Budgeting sounds easy, but it is often more complicated and difficult than it first seems. While many people may be discouraged even to begin budgeting, there are countless benefits to budgeting. People who budget suffer from less financial worries and end up having savings that they can use for a vacation, emergency expenses, and a down payment for a house or car. Here is how to get started in creating a budget.
The first step to creating a budget is to determine your expenses. There are two main types of expenses. Fixed expenses are costs that do not change over time, such as a monthly cellphone bill or rent payment that is the same every month. Variable expenses can include things such as entertainment, shopping, and dining out. They may vary from month to month. In the case of variable expenses, you will have to estimate a reasonable monthly or annual expense amount.

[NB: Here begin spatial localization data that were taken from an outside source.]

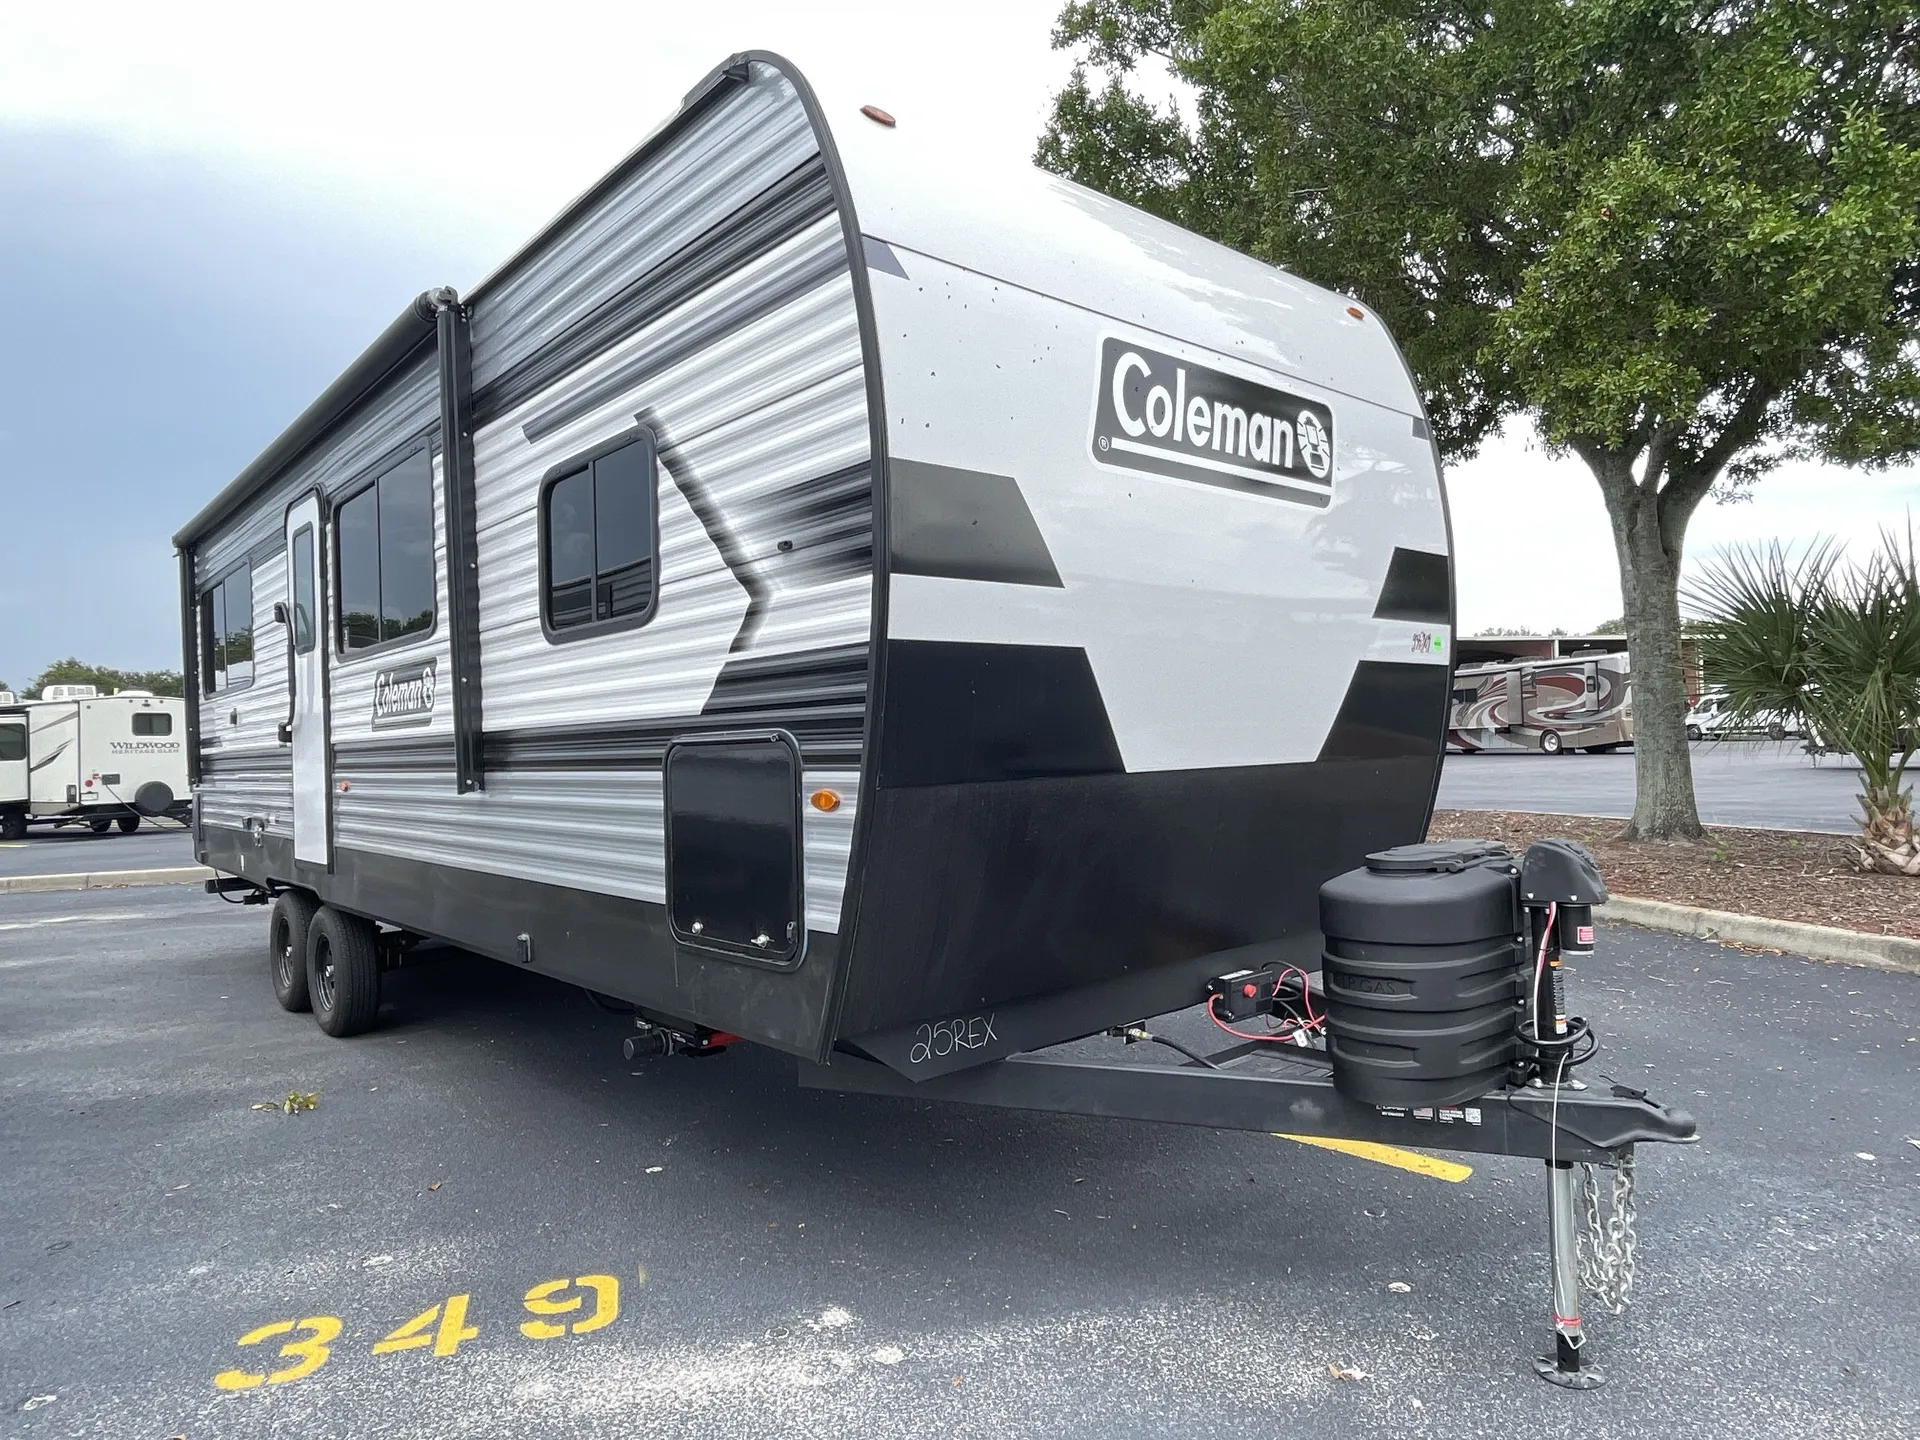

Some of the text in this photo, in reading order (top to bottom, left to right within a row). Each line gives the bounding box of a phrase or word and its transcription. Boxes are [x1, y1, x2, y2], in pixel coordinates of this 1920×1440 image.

[1112, 351, 1294, 469] Coleman
[375, 672, 422, 717] Coleman
[109, 741, 181, 750] WILDWOOD
[1360, 979, 1396, 995] GAS
[910, 1012, 998, 1064] 25REX
[213, 1273, 620, 1391] 349

After expenses are determined, the next step is to determine your income. Remember that your actual paycheck will be smaller than the amount listed because of tax, retirement, and healthcare deductions. Know the actual income you bring home every month and don’t budget based on your gross or pretax income. You should include income such as gifts, side jobs, rental income, and child support as well. The important thing is to have an accurate picture of both your expenses and income.
With an accurate picture of your expenses and income, you can now set yourself some financial goals and make adjustments as necessary. Look at your expenses and income and see if there is a budget surplus (income higher expenses) or a budget shortfall (expenses higher than income). If the expenses on your list are greater than your income, then you must trim expenses or increase income. If your income is already higher than expenses, then you are in good shape, but should still try to cut back and save more if you can.
It is important to set financial goals that are realistic. Creating unachievable goals will set you up for failure. Goals should also be specific as this will motivate you to actually save up for that car instead of just stashing money away and then spending it on the first impulse.
With information on income, expenses, and some financial goals, the last step is the implementation. Keep track of your spending and income. Be sure to hold yourself (or have someone else hold you) accountable and stick to your budget. Make adjustments as necessary, and be sure to give yourself a cushion by budgeting for unexpected expenses. This will prevent an unforeseen event from derailing your entire budget.
The information provided above is a suggestion. Please seek advice from your financial advisor before making any financial decisions.